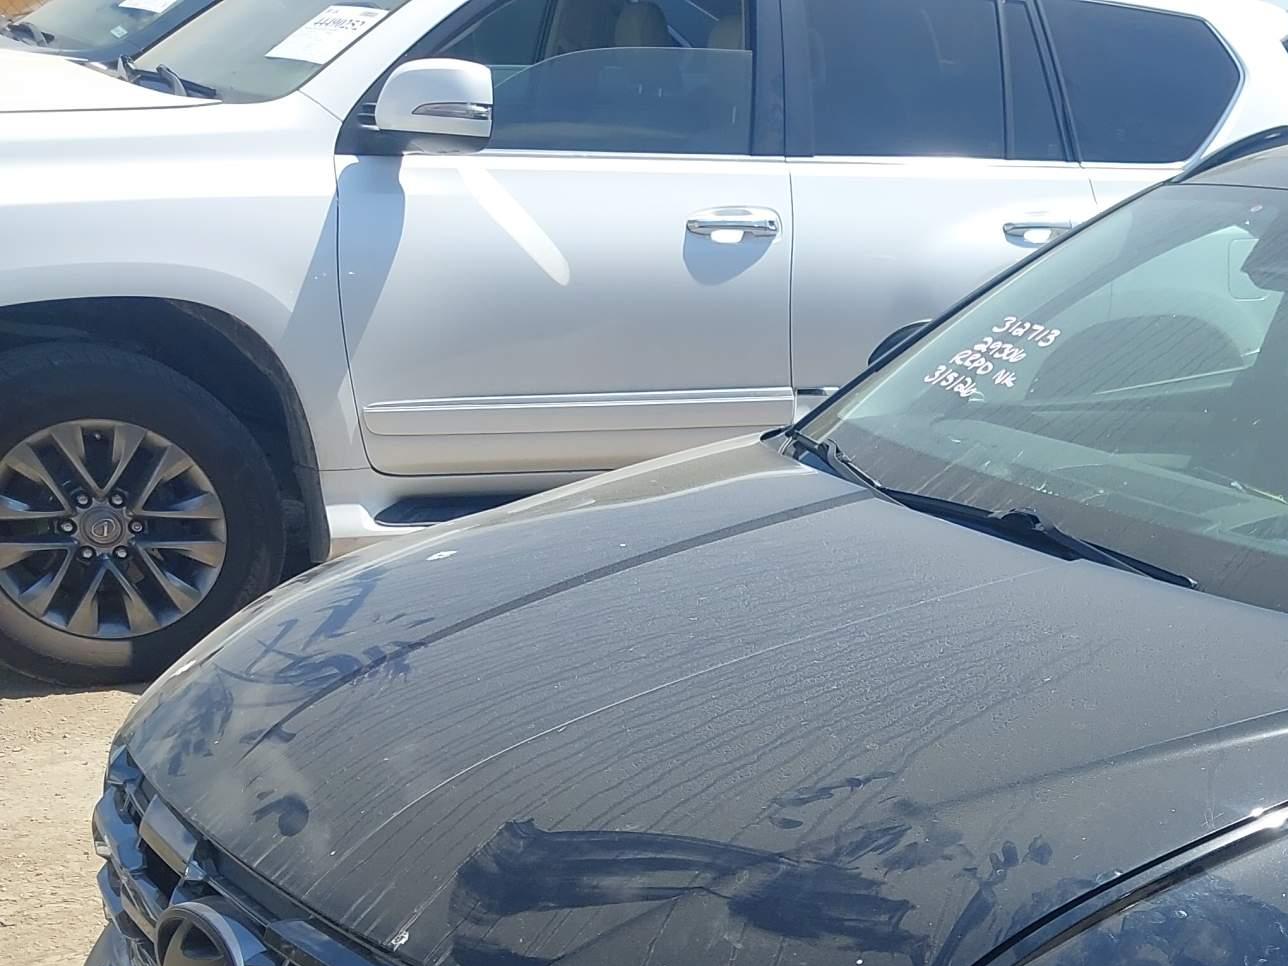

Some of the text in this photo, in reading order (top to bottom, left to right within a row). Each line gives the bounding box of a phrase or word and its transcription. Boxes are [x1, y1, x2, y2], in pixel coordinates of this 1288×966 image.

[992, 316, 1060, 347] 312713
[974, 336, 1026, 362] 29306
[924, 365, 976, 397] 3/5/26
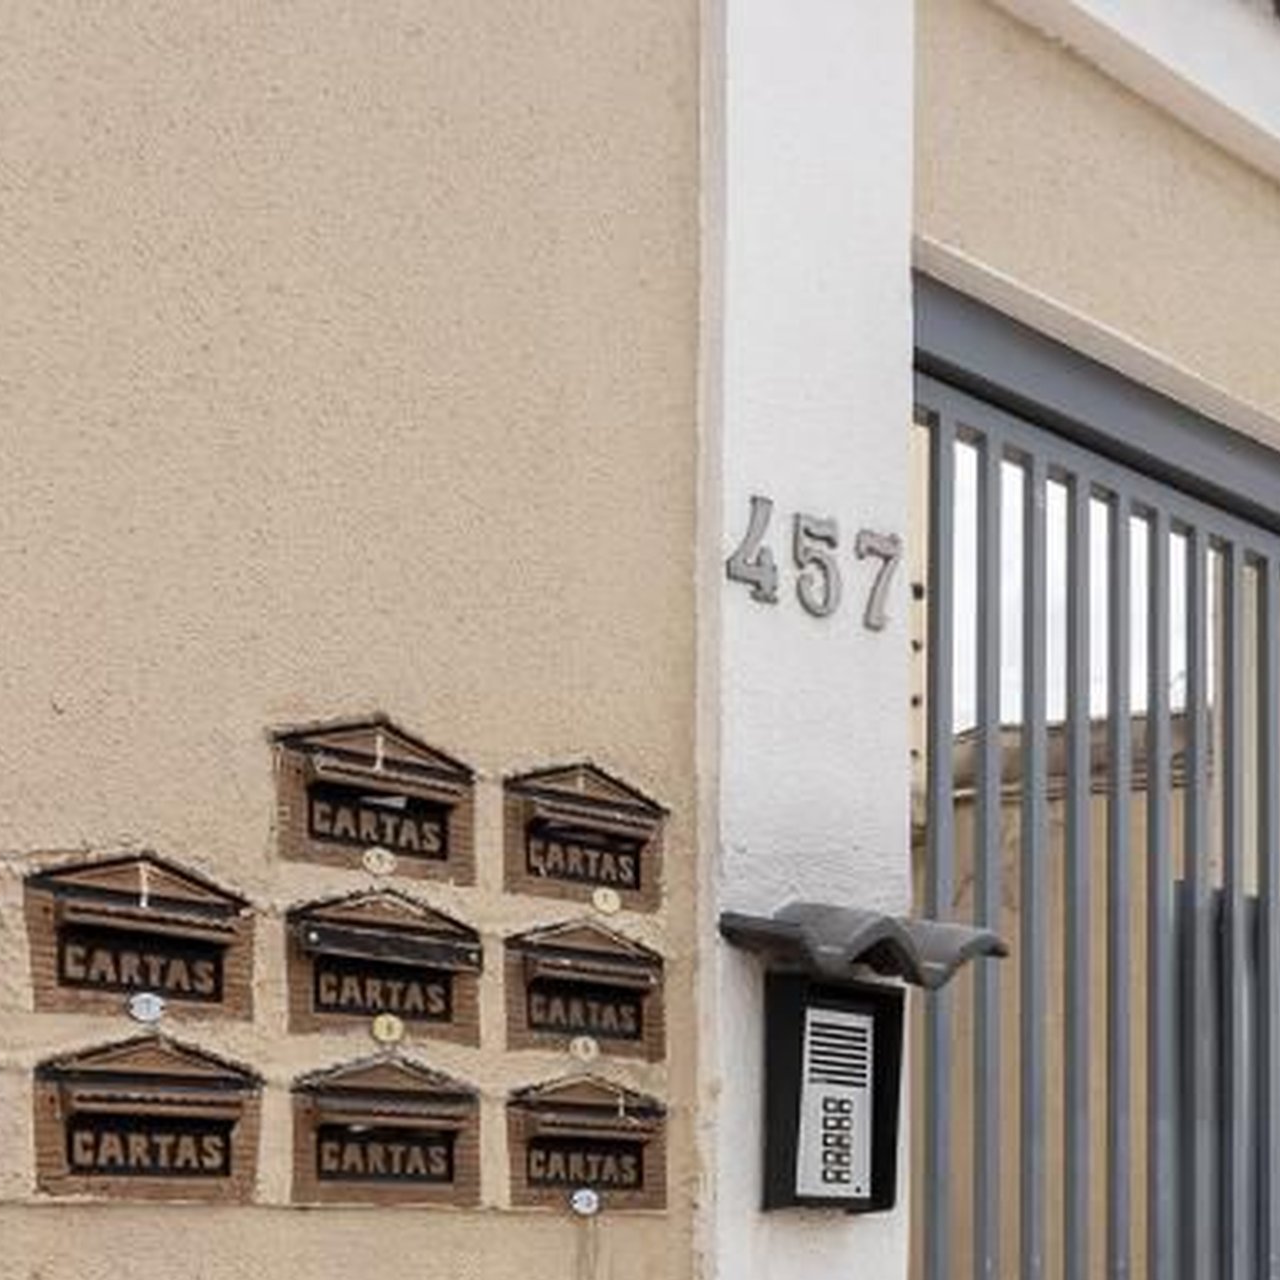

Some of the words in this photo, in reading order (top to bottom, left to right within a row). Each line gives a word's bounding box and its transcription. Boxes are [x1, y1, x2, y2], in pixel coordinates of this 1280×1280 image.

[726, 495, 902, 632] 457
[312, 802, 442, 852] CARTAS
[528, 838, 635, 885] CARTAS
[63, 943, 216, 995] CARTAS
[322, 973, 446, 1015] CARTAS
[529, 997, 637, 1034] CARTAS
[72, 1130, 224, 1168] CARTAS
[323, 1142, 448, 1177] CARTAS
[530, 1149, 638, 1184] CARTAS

• Required action: Repeat the data word for word, minus any pictures.

• Your solution:
Some of the text in this photo, in reading order (top to bottom, left to right within a row). Each line gives the bounding box of a phrase or word and its transcription. Boxes are [x1, y1, x2, y2], in pixel coordinates of this 1288×966 image.

[992, 316, 1060, 347] 312713
[974, 336, 1026, 362] 29306
[924, 365, 976, 397] 3/5/26

Some of the words in this photo, in reading order (top to bottom, left to right within a row). Each line gives a word's bounding box and its transcription. Boxes are [x1, y1, x2, y2], in pixel coordinates of this 1280×1280 image.

[726, 495, 902, 632] 457
[312, 802, 442, 852] CARTAS
[528, 838, 635, 885] CARTAS
[63, 943, 216, 995] CARTAS
[322, 973, 446, 1015] CARTAS
[529, 997, 637, 1034] CARTAS
[72, 1130, 224, 1168] CARTAS
[323, 1142, 448, 1177] CARTAS
[530, 1149, 638, 1184] CARTAS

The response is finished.